But as did the cellular phone and the fax machine before it, e-mail is raising a host of new ethical questions. Primary among them is whether a lawyer may use it to communicate with a client without violating the confidentiality of their relationship.
Two early opinions on the topic cautioned against lawyer-client e-mail, warning that an e-mail message was as open to public scrutiny as a postcard.
But a series of recent opinions have taken an about face, finding that e-mail, even without encryption, is as secure as a phone call and should be treated no differently.
South Carolina was the first state to address the confidentiality of lawyer-client e-mail. In 1994, the state bars Ethics Advisory Committee issued an opinion (No. 94-27) that a lawyers use of e-mail to communicate with a client, "absent an express waiver by the client," would violate the ethical duty to maintain client confidences.
Analogizing e-mail to cellular phones, the committee explained, "[T]he very nature of on-line services is such that the system operators of the on-line service may gain access to all communications that occur on the on-line service."
Next to take up the issue was Iowa. In 1995, its Supreme Courts Board of Professional Ethics, in Opinion 95-30, ruled that a lawyer using e-mail to communicate "sensitive material" with a client must encrypt the message to avoid violation of disciplinary and ethical rules.
A year later, Iowa revisited the issue. This time it went even further, saying, in Opinion 96-1, that to communicate with a client via e-mail, not only must a lawyer use encryption, but he/she must first obtain the clients written consent, including the clients acknowledgment of the security risk.
Recent months, however, have brought a reversal of this line of reasoning, with South Carolina revising its earlier decision and three other states saying that e-mail is sufficiently secure to protect client confidences even without encryption.
The first of these came April 7, in an opinion from the ethics committee of the State Bar of Arizona.

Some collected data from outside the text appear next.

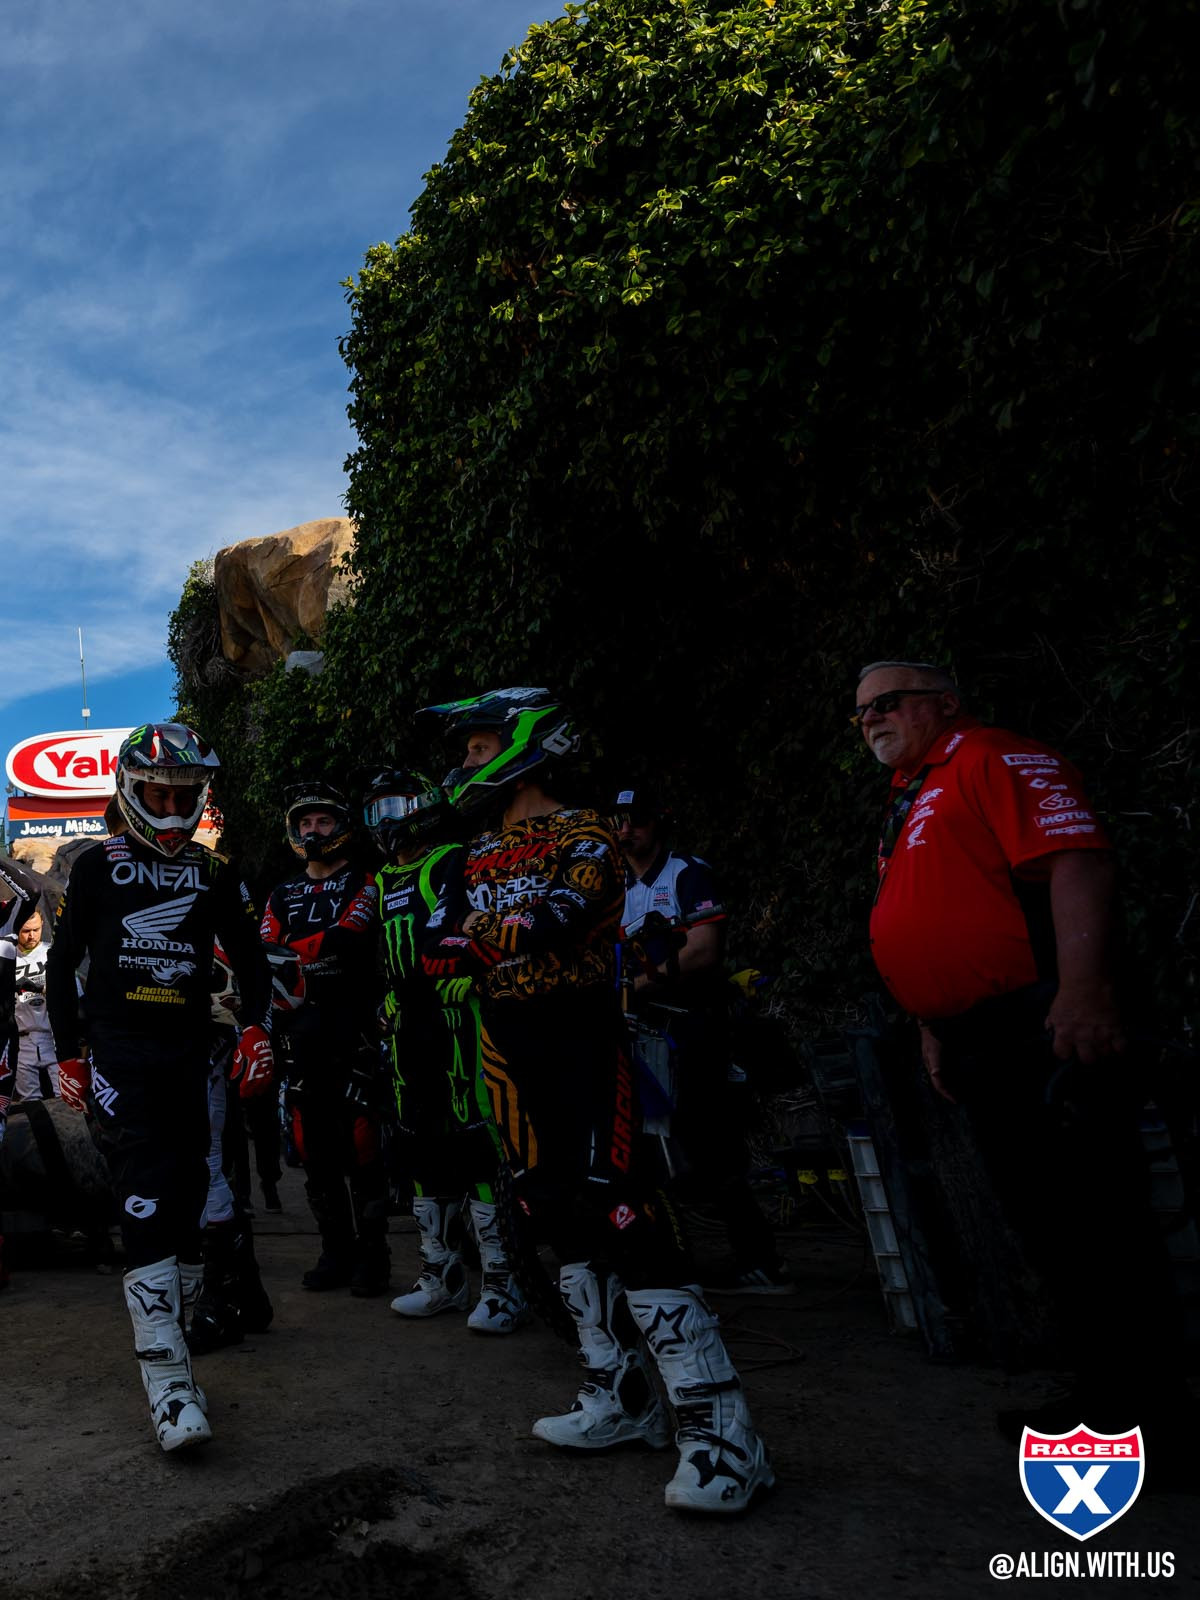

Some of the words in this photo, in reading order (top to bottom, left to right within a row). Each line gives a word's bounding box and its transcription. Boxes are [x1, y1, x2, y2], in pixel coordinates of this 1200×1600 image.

[20, 822, 62, 838] Jersey
[121, 938, 196, 954] HONDA
[119, 955, 177, 968] PHOENIX
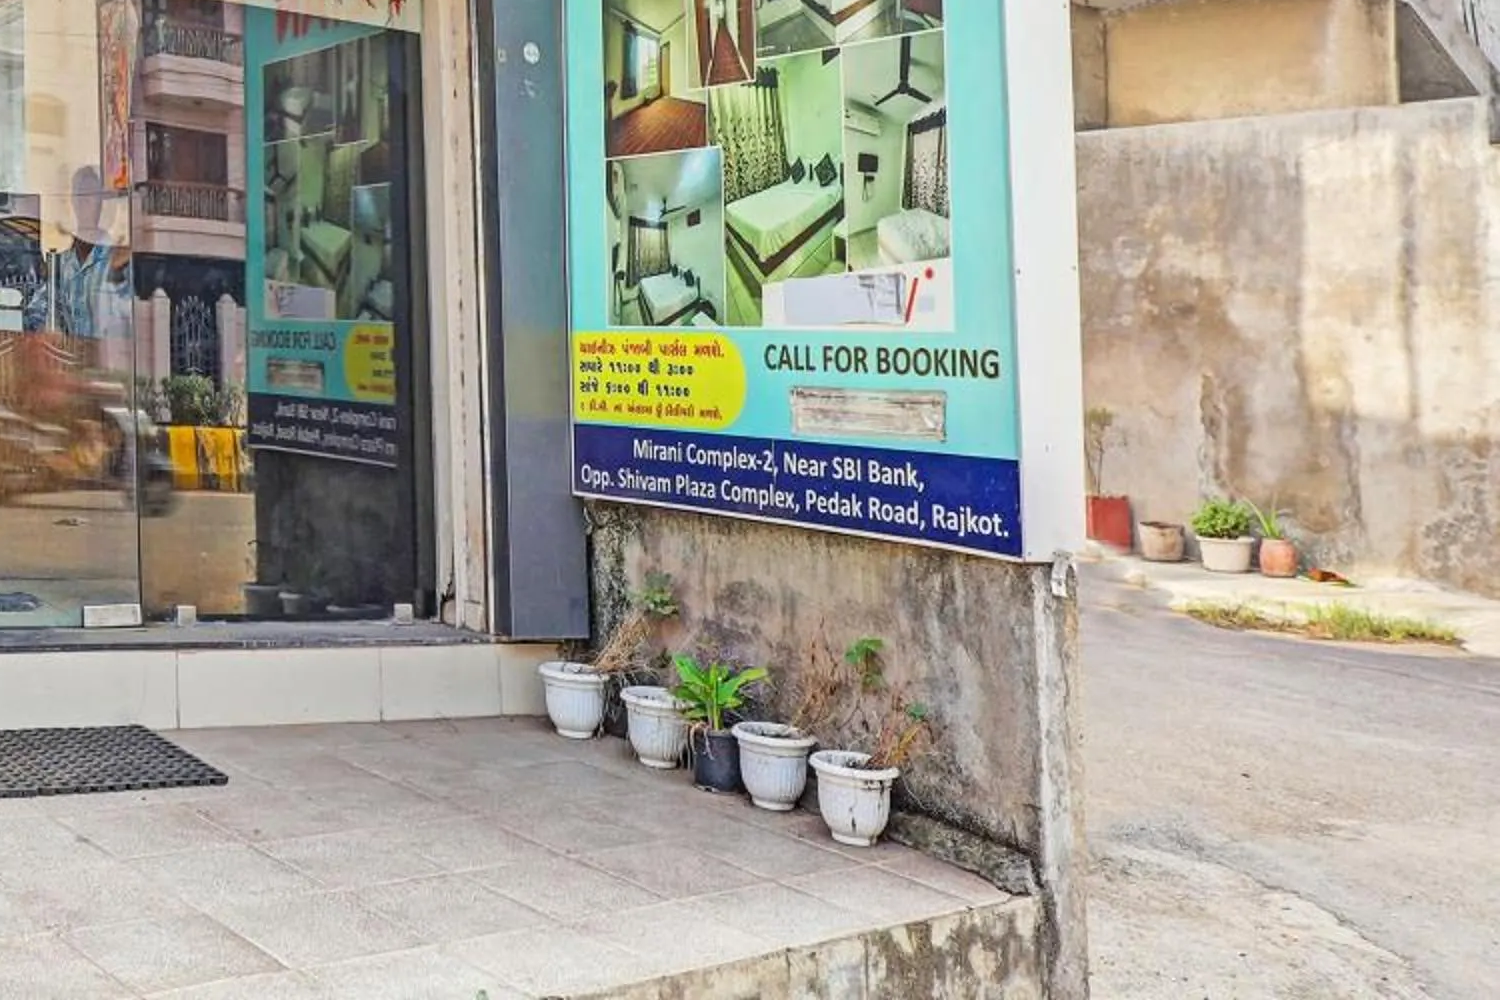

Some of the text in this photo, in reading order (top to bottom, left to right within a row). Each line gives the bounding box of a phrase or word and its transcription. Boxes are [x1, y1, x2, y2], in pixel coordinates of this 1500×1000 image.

[764, 344, 1000, 380] CALL FOR BOOKING
[633, 439, 925, 493] Mirani Complex-2, Near SBI Bank,
[581, 464, 1010, 538] Opp. Shivam Plaza Complex, Pedak Road, Rajkot.
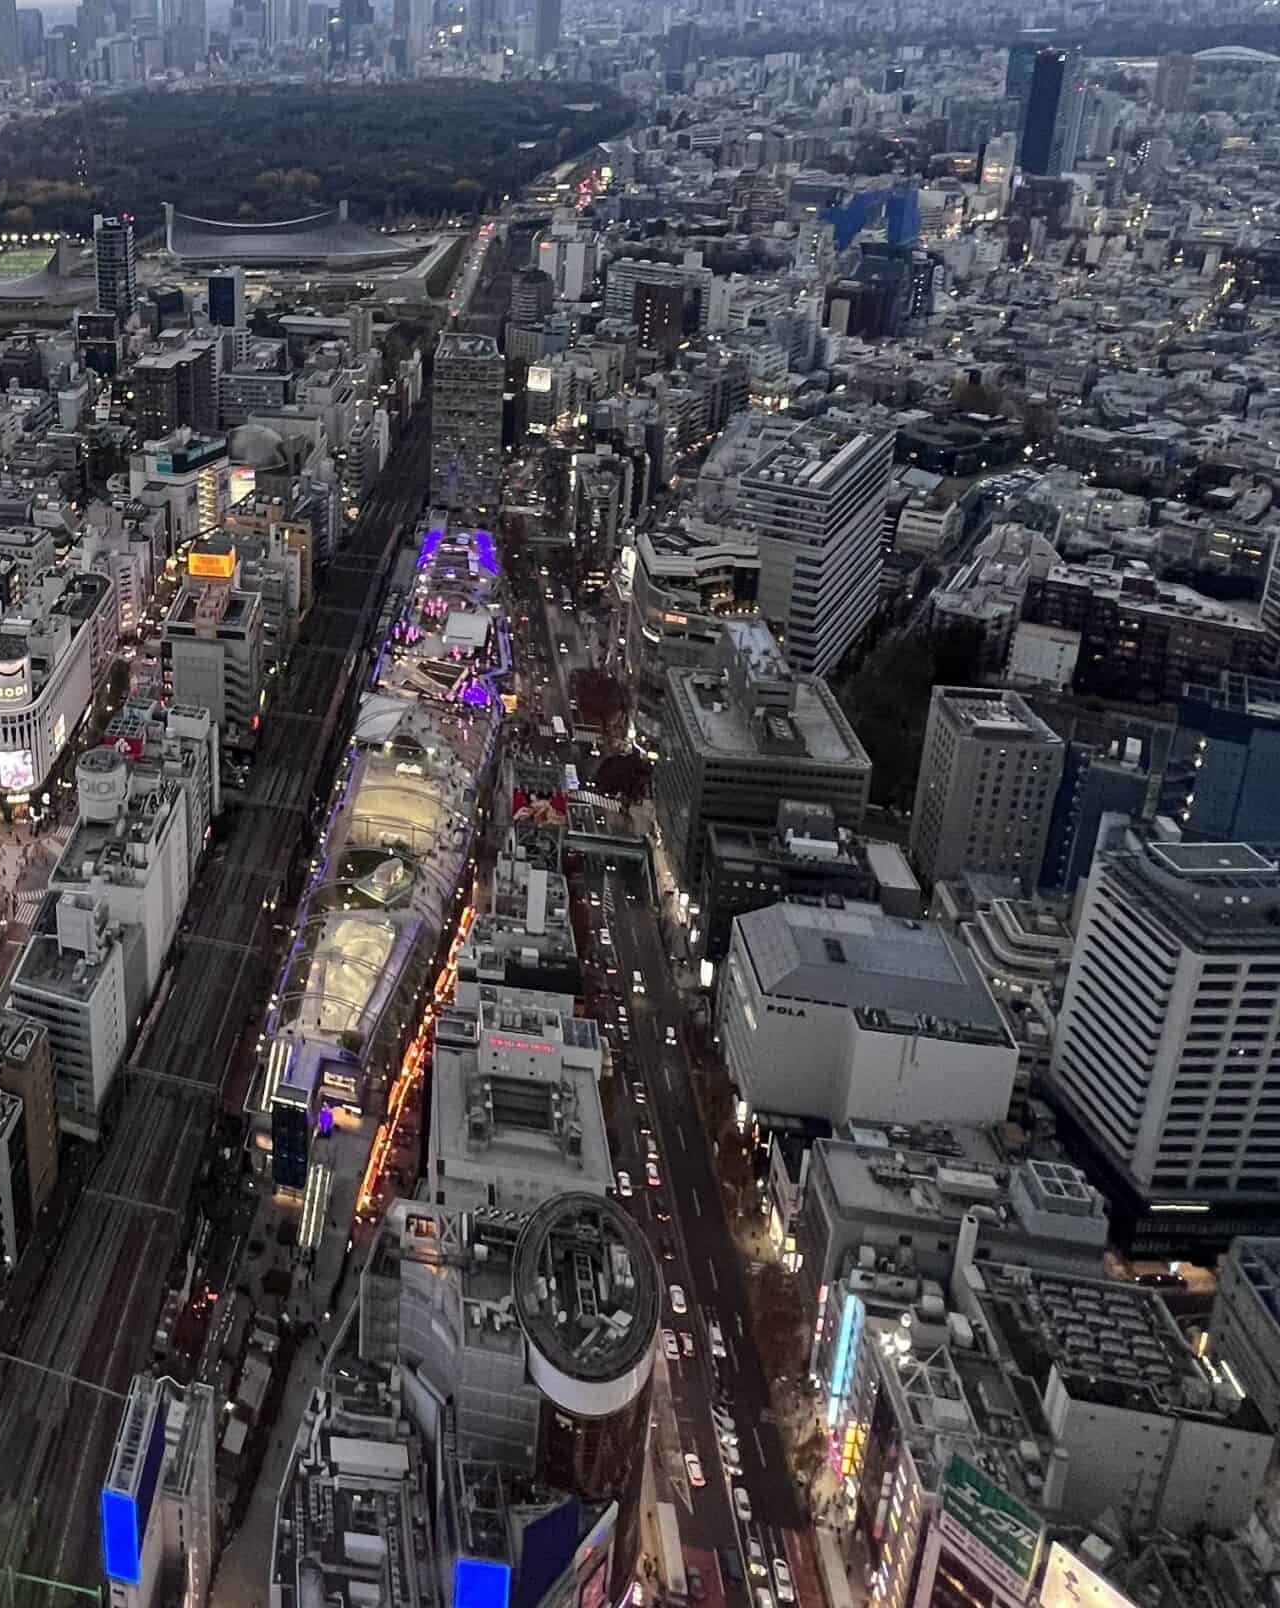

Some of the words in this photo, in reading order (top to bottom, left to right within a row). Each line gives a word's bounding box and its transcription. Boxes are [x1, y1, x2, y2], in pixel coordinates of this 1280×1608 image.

[767, 1004, 807, 1018] POLA
[942, 1481, 1041, 1550] エイブル
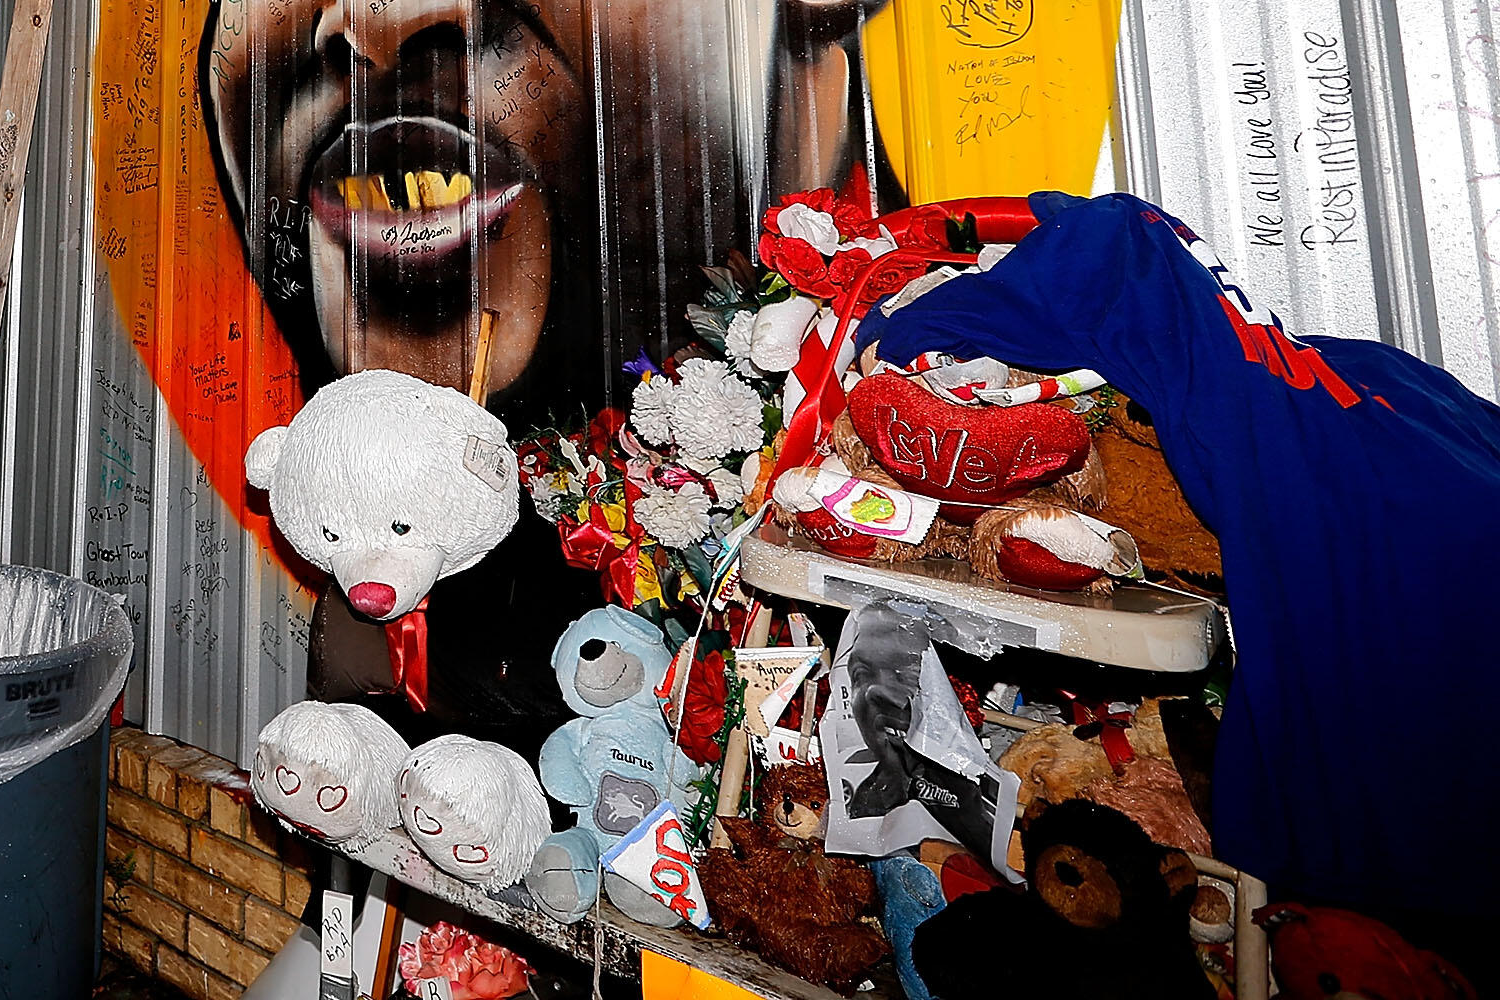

It concluded that it would not be unethical for a lawyer to communicate with a client using unencrypted e-mail. Taking the side of caution, however, it suggested that a lawyer may nevertheless want to use encryption to ensure confidentiality.
"It is not unethical to communicate with a client via e-mail even if the e-mail is not encrypted," the Arizona committee said. "This committee simply suggests that it is preferable to protect attorney/client communications to the extent it is practical."
The committee also cautioned lawyers that e-mail records may be discoverable. "This information thus should be included in the lawyer's decision as to whether or not confidential information should be communicated via e-mail," it noted.
Then came the Illinois State Bar Associations professional conduct committee. In a May 16 advisory opinion, it acknowledged that interception of e-mail messages is possible, but concluded that this is no more likely than with ordinary telephone calls, and thus it is reasonable for lawyers to expect that e-mail will remain private.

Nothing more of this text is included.